What is expected: The goal here is an exact copy of the entries below, without their pictures.

Collected data:

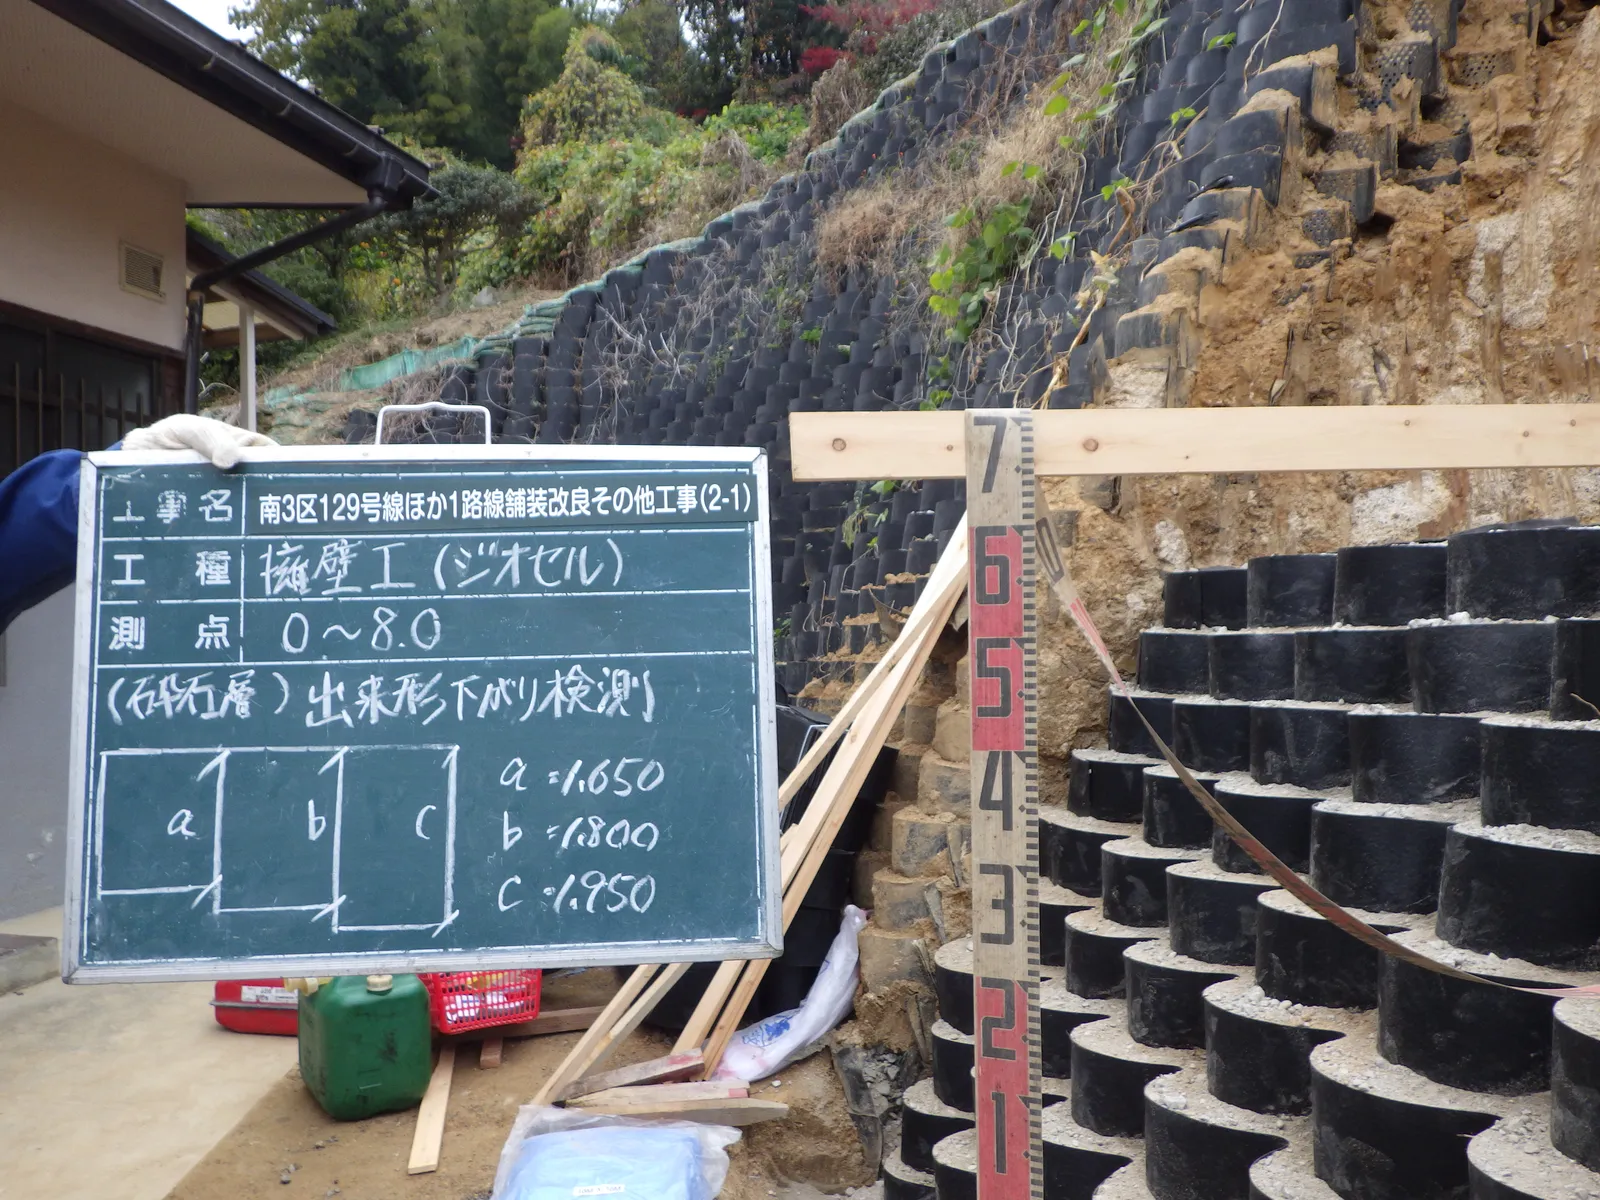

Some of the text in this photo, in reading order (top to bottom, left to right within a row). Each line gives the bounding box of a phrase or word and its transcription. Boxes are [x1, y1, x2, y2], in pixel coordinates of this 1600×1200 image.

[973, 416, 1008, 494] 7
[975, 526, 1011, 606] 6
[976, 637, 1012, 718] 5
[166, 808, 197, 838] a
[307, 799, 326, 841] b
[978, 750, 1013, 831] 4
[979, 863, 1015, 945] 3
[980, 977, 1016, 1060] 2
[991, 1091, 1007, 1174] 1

Answer space:
Some of the text in this photo, in reading order (top to bottom, left to right within a row). Each line gives the bounding box of a phrase or word and its transcription. Boxes are [x1, y1, x2, y2], in pixel coordinates of this 1600×1200 image.

[973, 416, 1008, 494] 7
[975, 526, 1011, 606] 6
[976, 637, 1012, 718] 5
[166, 808, 197, 838] a
[307, 799, 326, 841] b
[978, 750, 1013, 831] 4
[979, 863, 1015, 945] 3
[980, 977, 1016, 1060] 2
[991, 1091, 1007, 1174] 1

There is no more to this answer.